* **WHAT THE EXERCISE ASKS**: The records below hold pictures; please leave those out and retype the rest exactly.

========================================================================

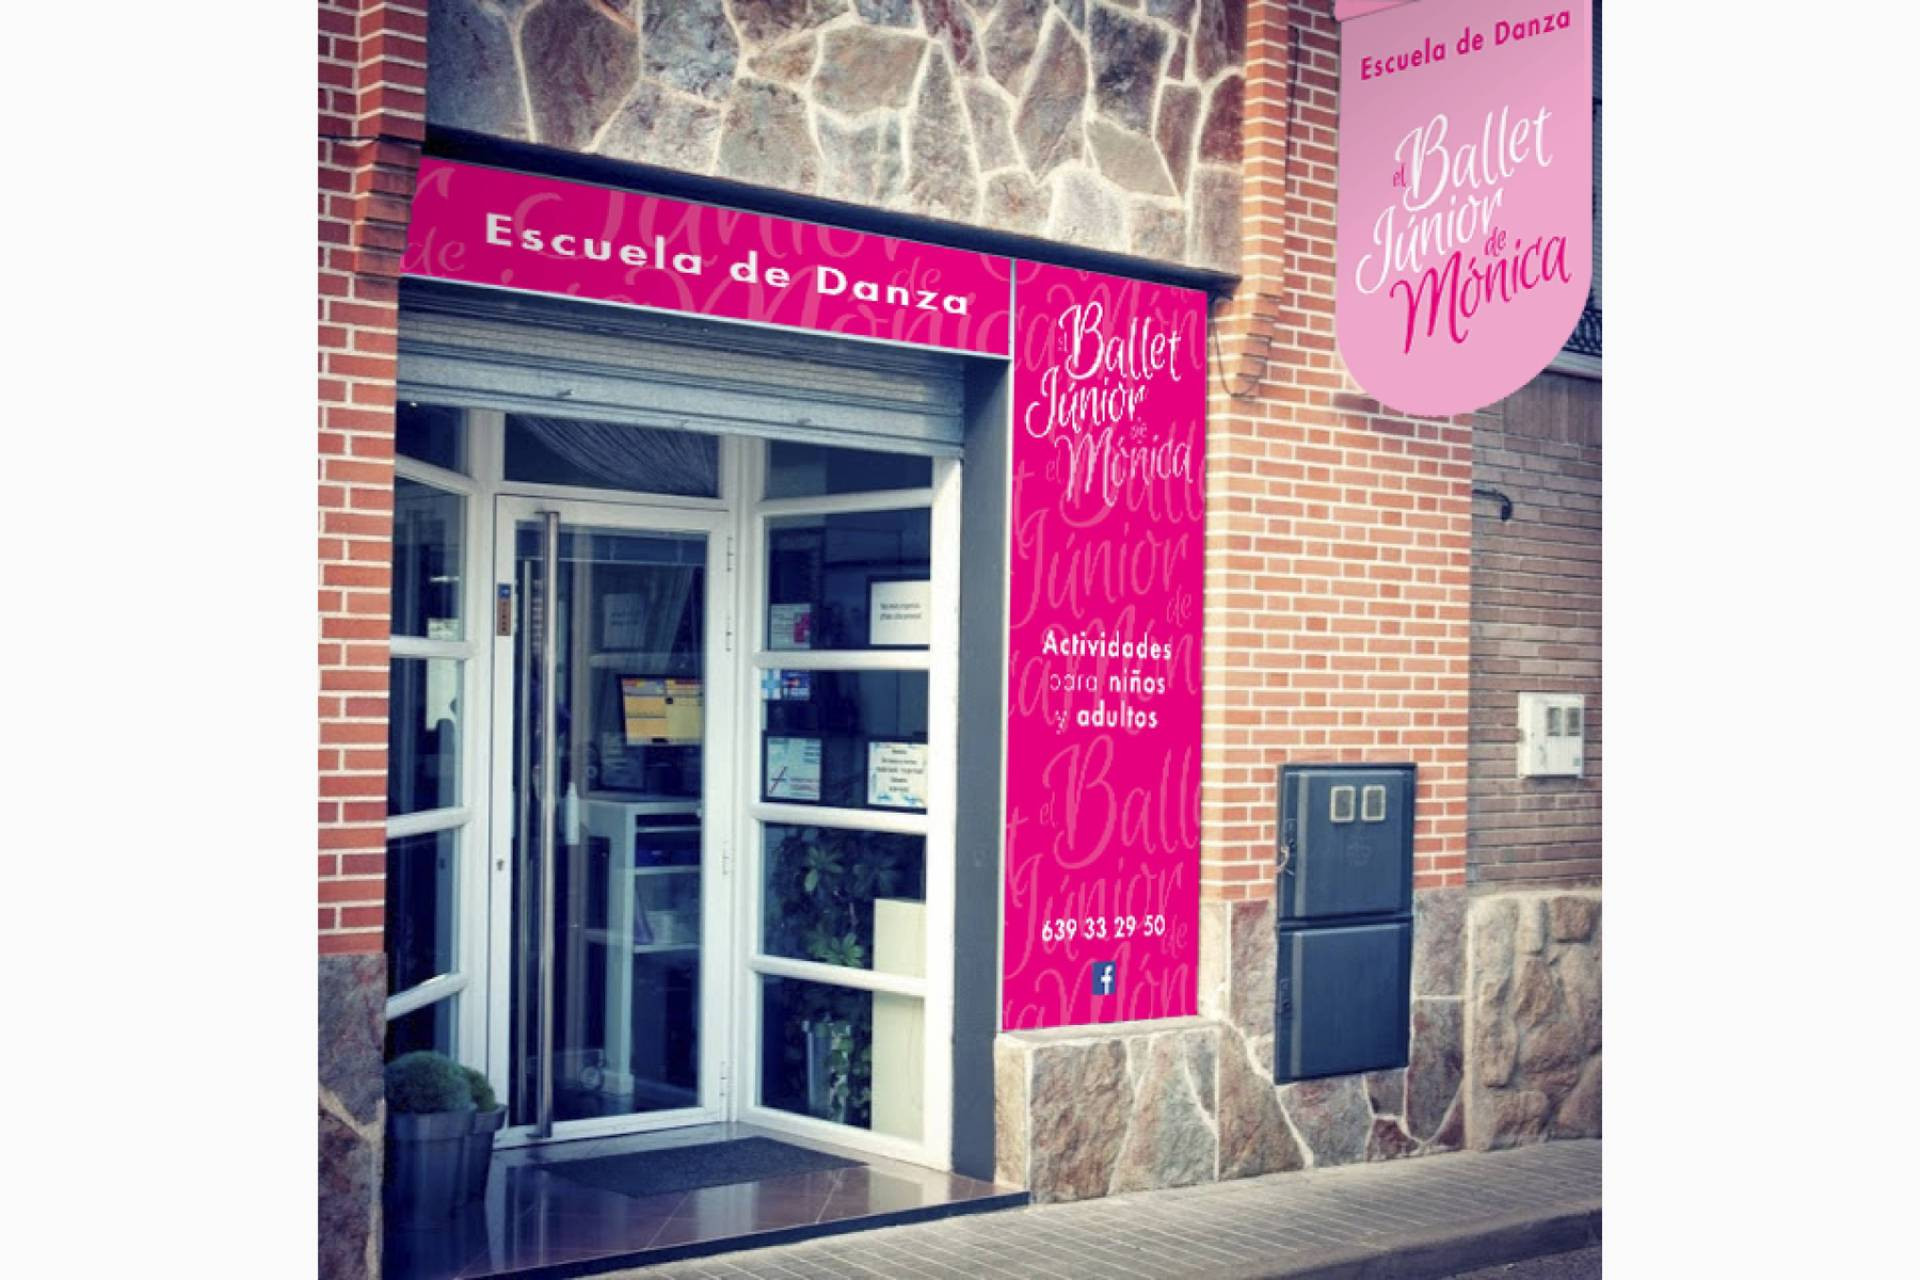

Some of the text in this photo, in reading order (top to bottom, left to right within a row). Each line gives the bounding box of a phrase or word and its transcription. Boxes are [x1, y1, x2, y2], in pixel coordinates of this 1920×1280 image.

[1360, 10, 1571, 80] Escuela de Danza
[1393, 105, 1553, 212] el Ballet
[486, 212, 967, 315] Escuela de Danza
[1355, 187, 1504, 294] Júnior
[1484, 226, 1506, 257] de
[1058, 301, 1182, 382] Ballet
[1025, 365, 1146, 438] Júnior
[1042, 630, 1171, 660] Actividades
[1076, 699, 1158, 728] adultos
[1109, 667, 1166, 694] niños
[1042, 914, 1166, 942] 639 33 29 50
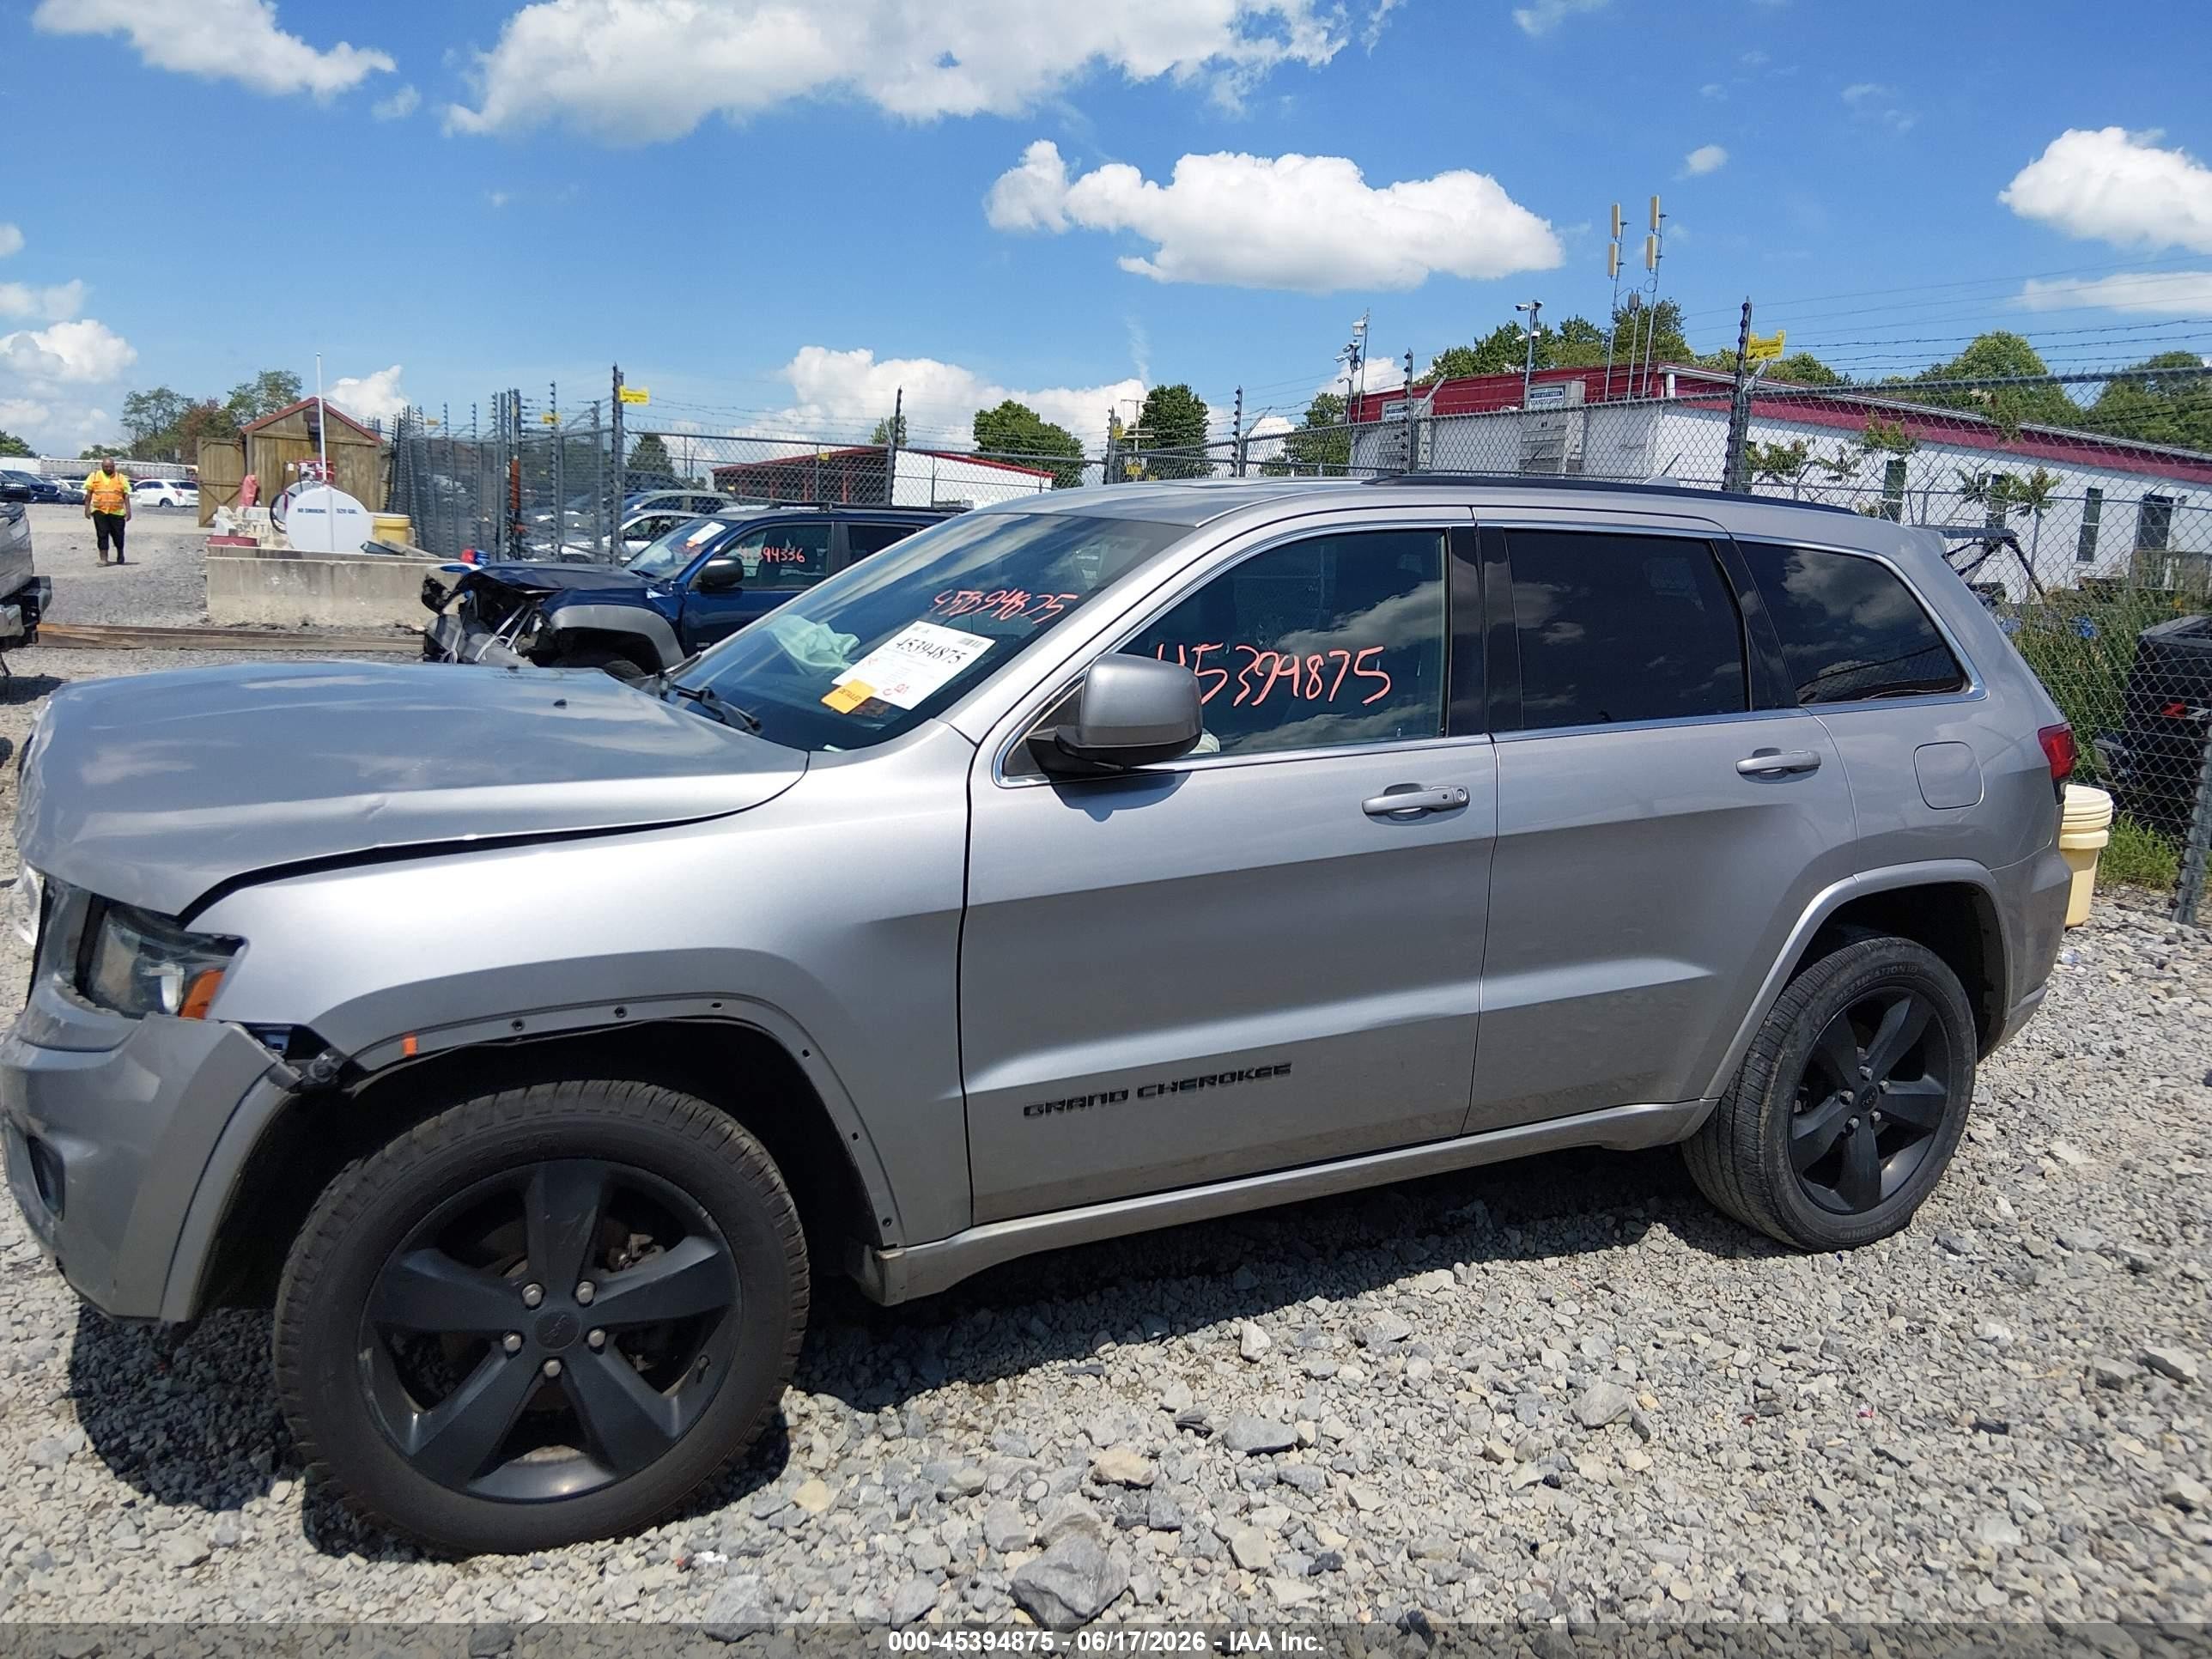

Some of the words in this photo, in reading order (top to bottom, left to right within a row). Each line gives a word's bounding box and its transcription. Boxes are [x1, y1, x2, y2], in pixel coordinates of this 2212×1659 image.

========================================================================

* **RESPONSE FOR THIS EXERCISE**:
Some of the text in this photo, in reading order (top to bottom, left to right within a row). Each line gives the bounding box of a phrase or word and its transcription. Boxes are [x1, y1, x2, y2], in pixel coordinates of this 1920×1280 image.

[1360, 10, 1571, 80] Escuela de Danza
[1393, 105, 1553, 212] el Ballet
[486, 212, 967, 315] Escuela de Danza
[1355, 187, 1504, 294] Júnior
[1484, 226, 1506, 257] de
[1058, 301, 1182, 382] Ballet
[1025, 365, 1146, 438] Júnior
[1042, 630, 1171, 660] Actividades
[1076, 699, 1158, 728] adultos
[1109, 667, 1166, 694] niños
[1042, 914, 1166, 942] 639 33 29 50

Some of the words in this photo, in reading order (top to bottom, left to right within a row). Each line gives a word's bounding box and its transcription. Boxes are [x1, y1, x2, y2], in pixel coordinates of this 2212×1659 image.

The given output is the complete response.